Most of us know the part of getting through a race that is physical, but there is also a strong mental component that can just as easily break you down. When it comes to training for – and then crossing the finish line at a marathon (or your first 5 or 10K) – you need your brain as much as you need your legs. You face a lot of fatigue, mentally and physically, and it gets very challenging. You want to remember that we control our mind, it does not control us. The next time you have one of those tough races when you feel like giving up early, use these tips to change the negativity into positive thinking.

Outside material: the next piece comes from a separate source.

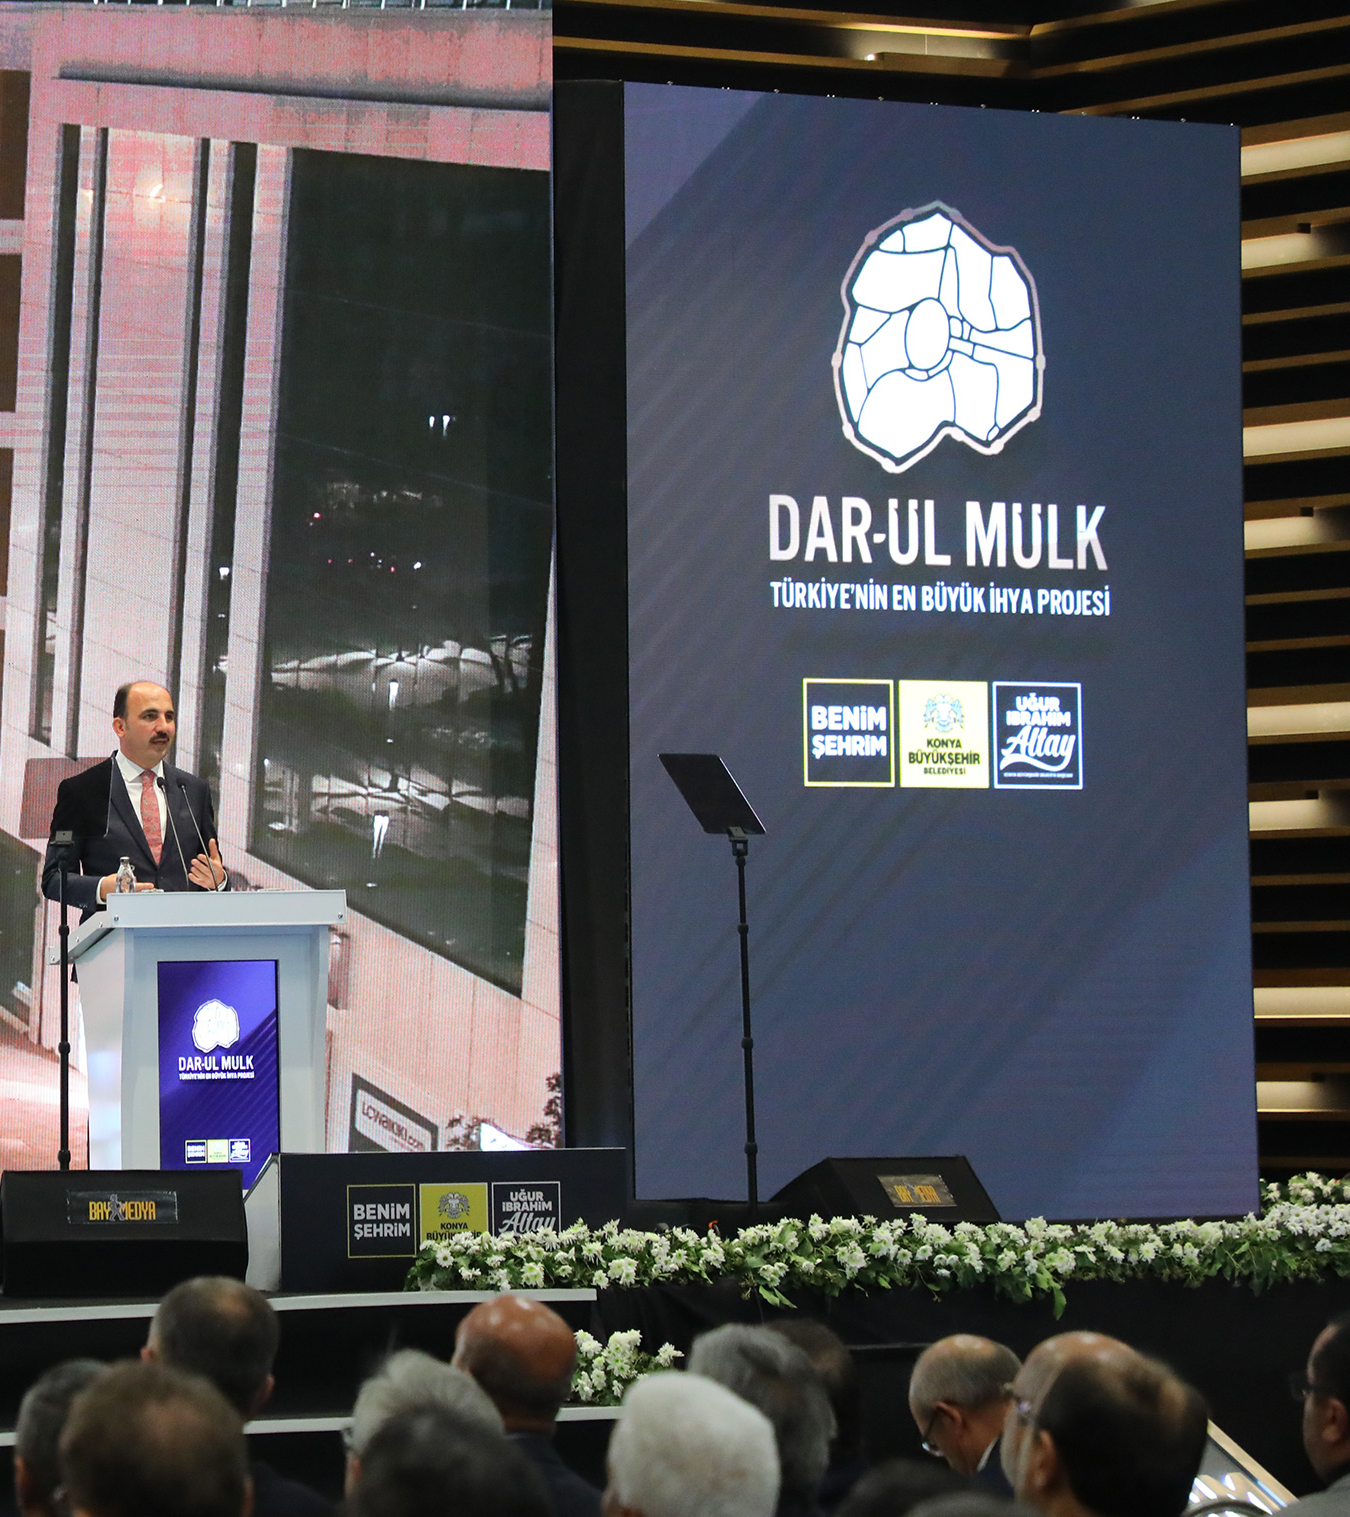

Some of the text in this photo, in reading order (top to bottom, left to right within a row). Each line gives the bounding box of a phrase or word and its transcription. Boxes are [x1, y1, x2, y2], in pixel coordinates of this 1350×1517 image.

- Set short-term goals. Just like you gradually increase your mileage during training, it pays to set small goals during the race. As you go up a big hill, focus on the next tree that’s pretty close by. When you get to it, you can think, ‘Okay, I got that one down, now what’s next? A street sign? A lamppost?’ Before you know it, you’ve conquered that hill. Make your water stations your “walk stations.” Tell yourself that you are going to run to the next water station, and if you need to walk for 10-15 seconds, this will be your opportunity. Break the race down to smaller distances. Watch your 5K splits, they’re much easier to control and are easy to digest. First time running a 5K? Break it down into three 1 mile segments and make it your goal to keep them even.
- Reorganize and be flexible with your goals. Every mile is not going to live up to your expectations or go exactly as planned. There are different challenges that will pop up along the way; no shade, a big hill, tight roads with a lot of runner traffic. Be willing to change-up your goals as you go and don’t let your discouragement take over. You have a plan and you have plenty of time to make up for any slow downs. Always remember, when Bill Rodgers ran a 2:09:55 American Record at the Boston Marathon, not only did he stop to drink at every water stop but he also had to stop at the bottom of Heartbreak Hill to tie his shoe.
- Stay positive with self-affirmation and self-talk. Before you begin the race, decide on a few easy to remember mantras that will help you gain confidence and persevere through any rough patches of the race. Make sure that all the words in your mantra are positive. For example, use “I am strong, I can do this” as opposed to “push through the pain, don’t give up”. The second mantra elicits negative connotations with the words “pain” and “give up.”
- Counter negative thoughts with positive ones. When discouragement creeps in—and it inevitably will—take charge. One of the greatest things we can do is be aware of negative thoughts and then squash them. Hear that inner voice saying you’re not going to make it? Then tell yourself “It is possible. It is happening.” Legs feeling tired and heavy? Remind yourself of the long runs you conquered during training and how good you felt afterwards.
- Listen to your body. Likewise, you can employ mental cues to remind yourself to focus on proper running form when going up a hill or when you start to get tired. Use the mantra “relax and go” in the later part of a race to remind yourself not to tighten your face and shoulders as you get tired. Remember to keep your hips out, shoulders straight, and run on your toes. Watch for your faults and correct them. Not only will this keep you running efficiently but it will distract you from the negativity brewing inside.
- Trust your training. You’ve trained your best and your body is now a lean, mean running machine. It’s time for all of those training miles to pay off. You did your homework, now ace the test! Make sure you have a pre-competition routine in place and let it take over just like you planned. Whether you rehearse it in real time or visualize it, a plan will give you a comfortable and reliable mental structure and can reduce anxiety. Your planning has gotten you this far hasn’t it? Let it take you those last miles.
- Play games. Focus is good, but if you’re constantly thinking about what mile you’re on, and how much everything hurts, you’ll go crazy—quickly. Try to pass the time by counting backward from 100, or coming up with a word game. Start singing your favorite songs, practice your multiplication tables. I’ve heard it all. Do what works for you!
- Visualize yourself succeeding. Think about that last quarter mile before the finish line. Think about how great it’s going to feel when you approach it and you hear the cheers of spectators for the final time. Anticipate seeing your family and friends on the other side of the finish chute and how proud they will be of you. This gives you a rush and takes your body into a different zone. You’re exciting your mind and hopefully, in turn, your legs!